Monday, March 24, 2008

My Antonia

Willa Cather. The name never conjured up thoughts of anything brilliant in my head. She was an author. An author about whom if you anything, you know that her more well known works of fiction were based in the Midwest--Nebraska, to be precise. Nebraska. It always sounded kind of boring to me. What exactly is in Nebraska? What kind of people live there? Farmers. Boring Farmers, of this stereotype I was certain. I have been pleasantly surprised by Willa Cather, and her stories of the Midwest.

As any great lover of literature does, I collect books. Any book. Hoping to someday read it. Well this was the case when I picked up My Antonia and decided to add it to my collection, if for no other reason than that it was a classic, and it would look good on my shelf. It sat there among other great works of literature on the top of my dusty bookshelf, for the past two years. Until yesterday afternoon.

When faced between the choice of Homer's ancient work and the agrarian work of Ms. Cather,I settled for what I assumed would be lighter reading. It was, I suppose, I have also discovered what may become one of my favorite classic works of literature by an American author. I have only read a few chapters into the book, but My Antonia is filled with descriptive language of landscape and thought. It is beautiful. Cather paints the picture of the prairie and its beauty through the eyes of a recently orphaned young boy, who is seeing all of its beauty for the first time.

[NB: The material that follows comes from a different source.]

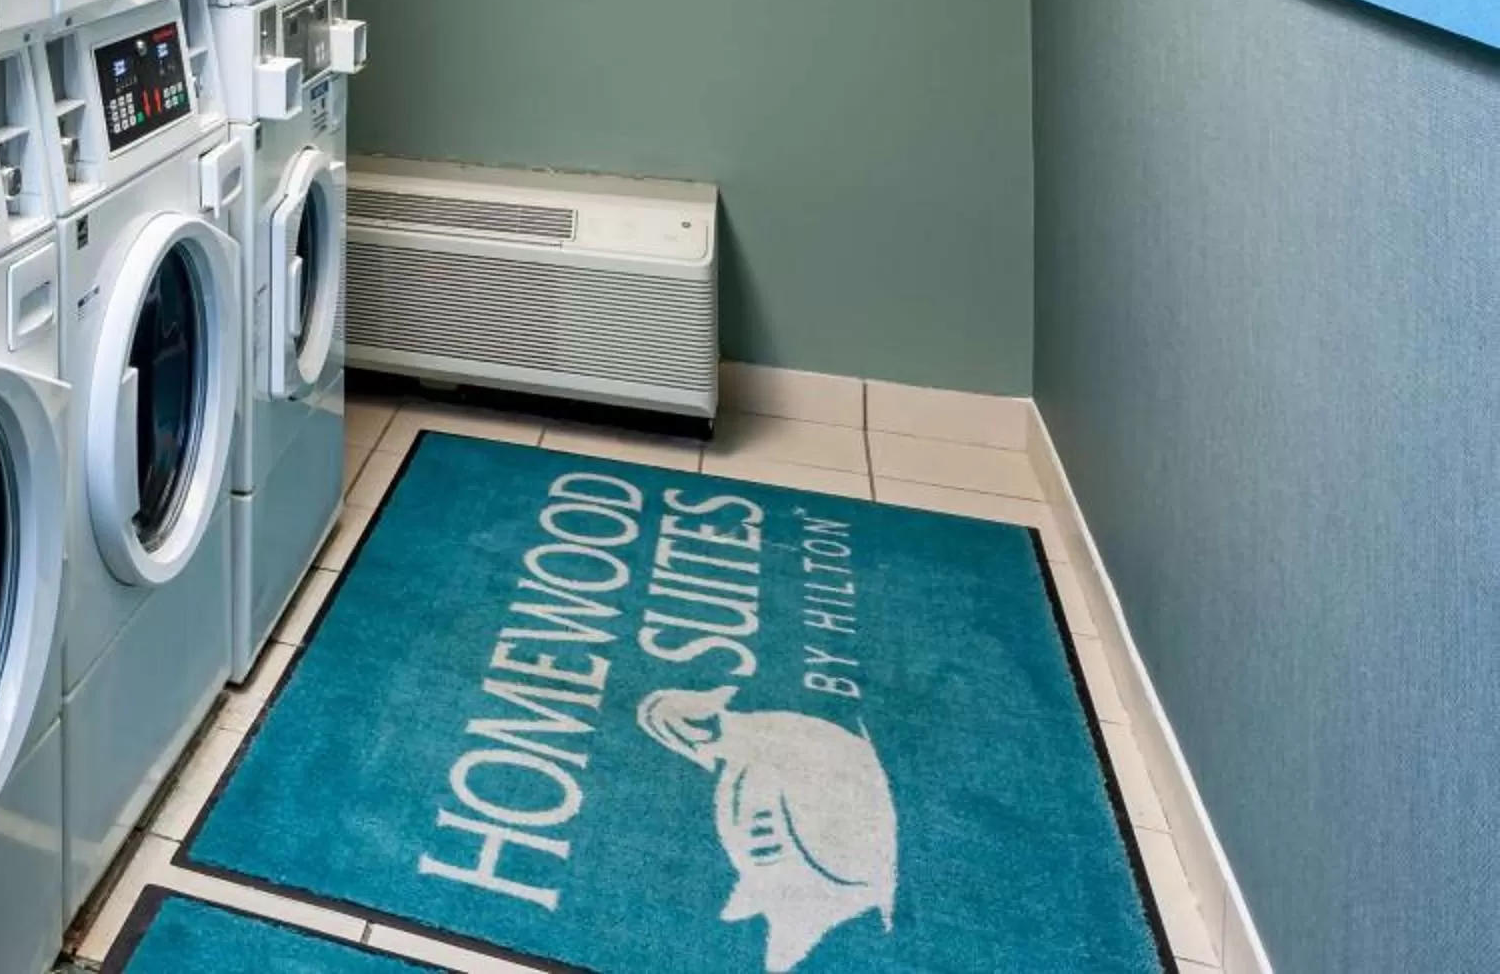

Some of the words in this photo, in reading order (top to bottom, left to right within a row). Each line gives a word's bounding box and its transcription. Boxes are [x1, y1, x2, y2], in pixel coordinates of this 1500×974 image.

[638, 488, 763, 676] SUITES
[803, 516, 857, 635] HILTON
[418, 472, 643, 912] HOMEWOOD
[803, 645, 861, 699] BY

Here are a few passages that I fell in love with so far.

I had the feeling that the world was left
behind, that we had got over the edge of it, and were outside man's jurisdiction. I had never before looked up at the sky when there was not a familiar mountain ridge against it. But this was the complete dome of heaven, all there was of it. I did not believe that my dead father and mother were watching me from up there; they would still be looking for me at the sheep-fold down by the creek, or along the white road that led to the mountain pastures. I had left even their spirits behind me. The wagon jolted on, carrying me I knew not whither. I don't think I was homesick. If we never arrived anywhere, it did not matter. Between that earth and that sky I felt erased, blotted out. I did not say my prayers that night: here, I felt, what would be would be.

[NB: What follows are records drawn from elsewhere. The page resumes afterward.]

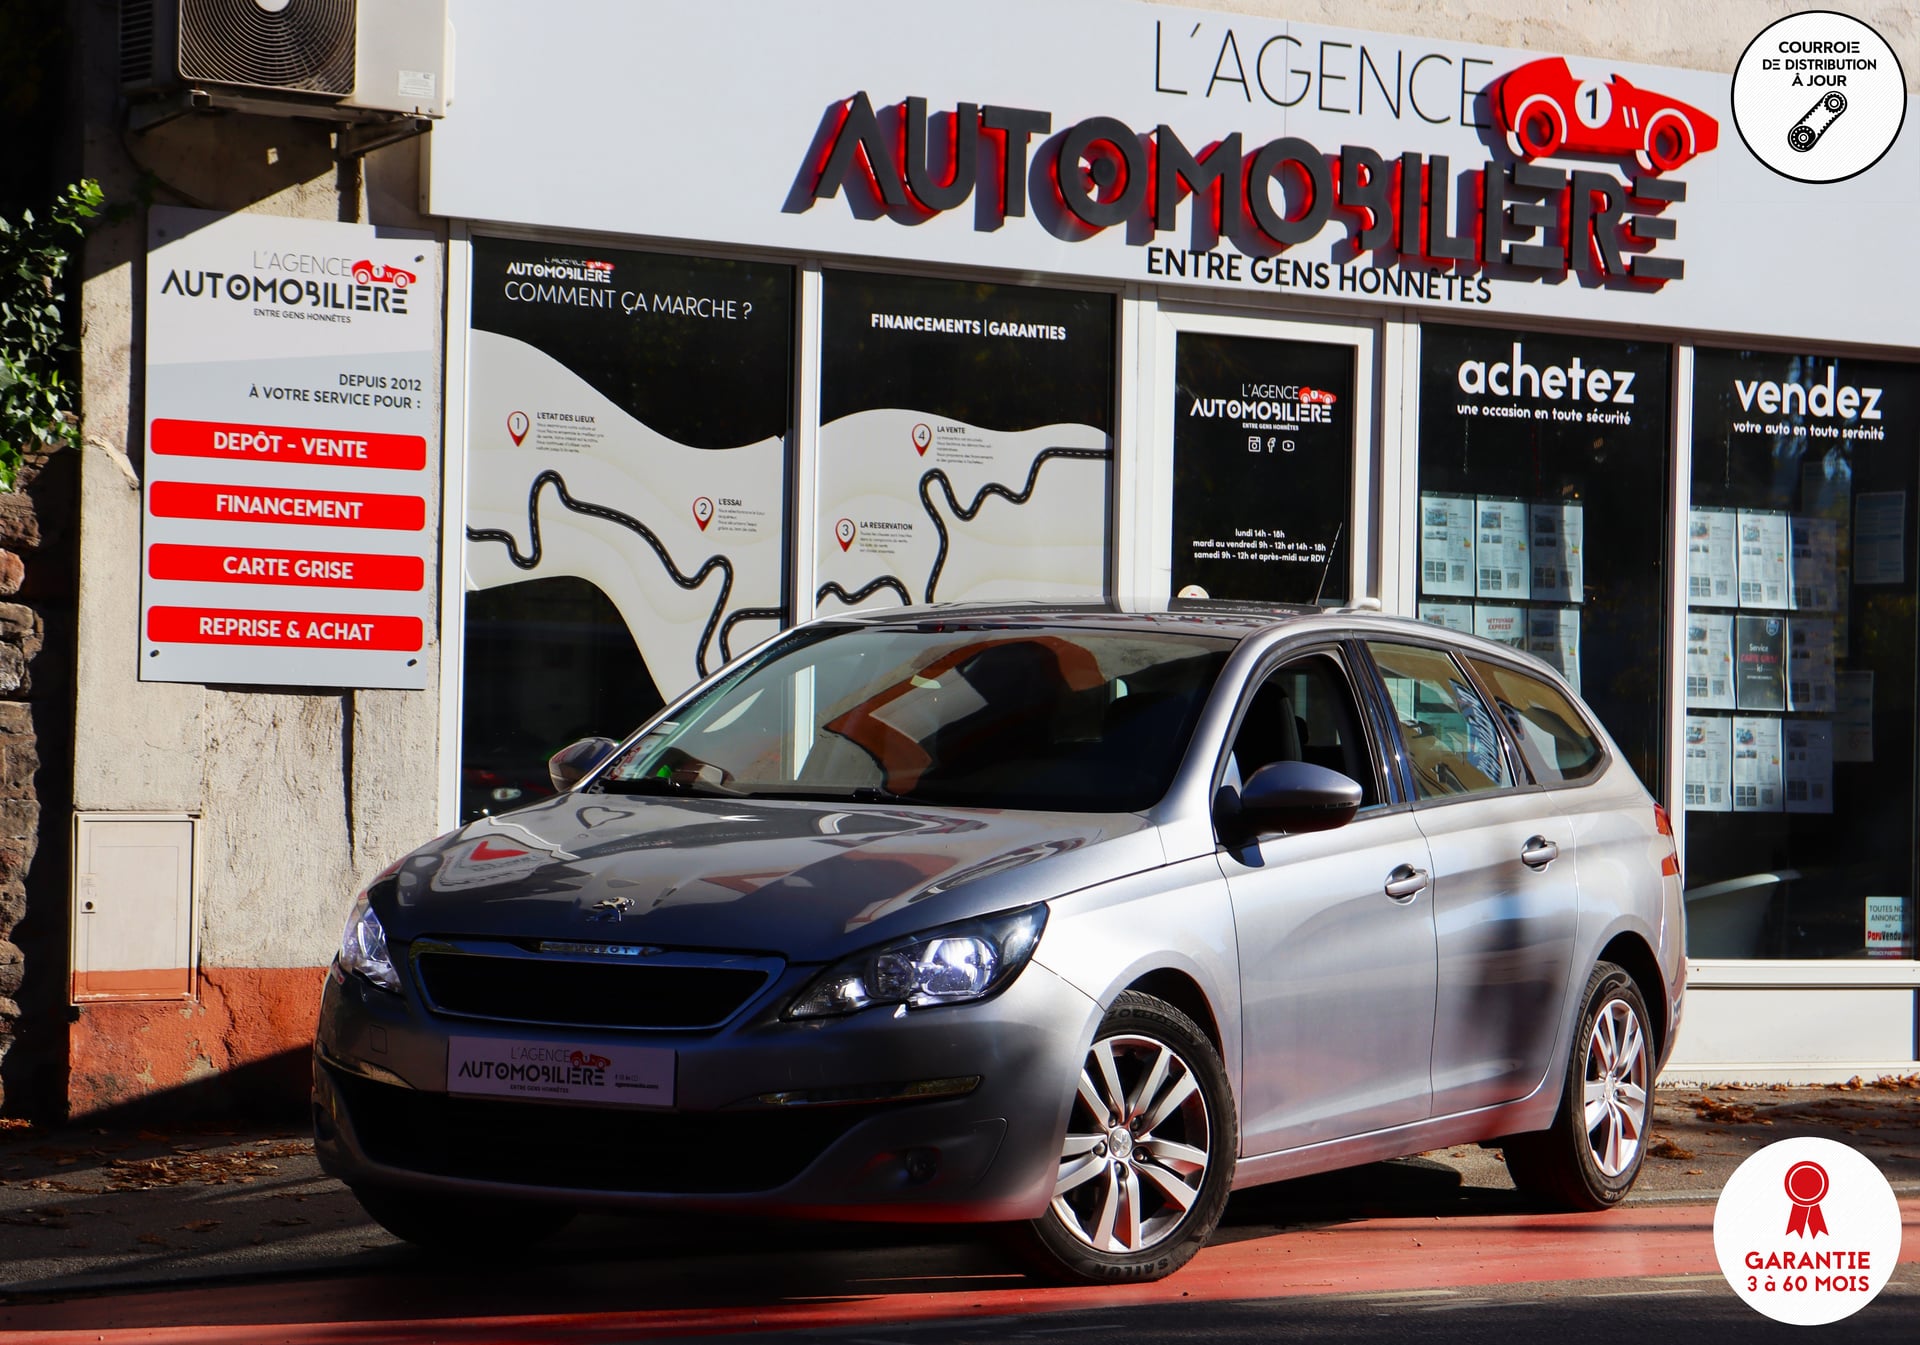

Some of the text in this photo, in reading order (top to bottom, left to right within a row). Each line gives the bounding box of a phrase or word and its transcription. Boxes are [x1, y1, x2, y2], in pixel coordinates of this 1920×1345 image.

[1155, 20, 1493, 129] L'AGENCE
[253, 250, 351, 277] L'AGENCE
[1148, 247, 1491, 303] ENTRE GENS HONNÊTES
[504, 281, 753, 320] COMMENT ÇA MARCHE ?
[254, 308, 351, 323] ENTRE GENS HONNÊTES
[871, 313, 1067, 341] FINANCEMENTS GARANTIES
[1457, 342, 1636, 404] achetez
[339, 374, 422, 391] DEPUIS 2012
[249, 384, 259, 397] À
[263, 387, 310, 402] VOTRE
[314, 390, 370, 406] SERVICE
[374, 394, 412, 409] POUR
[1241, 383, 1299, 400] L'AGENCE
[1734, 365, 1883, 420] vendez
[537, 412, 595, 423] L'ETAT DES LIEUX
[1457, 403, 1631, 425] une occasion en toute sécurité
[516, 417, 520, 430] 1
[1733, 420, 1762, 434] votre
[1765, 422, 1790, 436] auto
[1793, 426, 1807, 437] en
[1809, 424, 1839, 438] toute
[918, 430, 925, 441] 4
[213, 431, 283, 453] DEPÔT
[301, 437, 368, 459] VENTE
[216, 494, 363, 519] FINANCEMENT
[700, 502, 707, 515] 2
[718, 498, 742, 507] L'ESSAI
[842, 524, 849, 536] 3
[869, 522, 913, 530] RESERVATION
[1235, 528, 1253, 537] lundi
[1254, 529, 1266, 538] 14h
[1273, 530, 1285, 539] 18h
[1193, 539, 1214, 548] mardi
[1226, 540, 1257, 549] vendredi
[1258, 541, 1267, 549] 9h
[1274, 541, 1286, 550] 12h
[1296, 542, 1308, 551] 14h
[1314, 543, 1326, 552] 18h
[1194, 551, 1220, 559] samedi
[1221, 551, 1230, 560] 9h
[1238, 552, 1249, 560] 12h
[1259, 552, 1297, 563] après-midi
[1311, 554, 1325, 562] RDV
[223, 556, 353, 580] CARTE GRISE
[200, 617, 374, 641] REPRISE & ACHAT
[1870, 905, 1892, 913] TOUTES
[511, 1047, 571, 1063] L'AGENCE

As I looked about me I felt that the grass was the country, as the water is the sea. The red of the grass made all the great prairie the colour of wine-stains, or of certain seaweeds when they are first washed up. And there was so much motion in it; the whole country seemed, somehow, to be running.


I can remember exactly how the country looked to me as I walked beside my grandmother along the faint wagon-tracks on that early September morning. Perhaps the glide of long railway travel was still with me, for more than anything else I felt motion in the landscape; in the fresh, easy blowing- morning wind, and in the earth itself, as if the shaggy grass were a sort of loose hide, and underneath it herds of wild buffalo were galloping, galloping...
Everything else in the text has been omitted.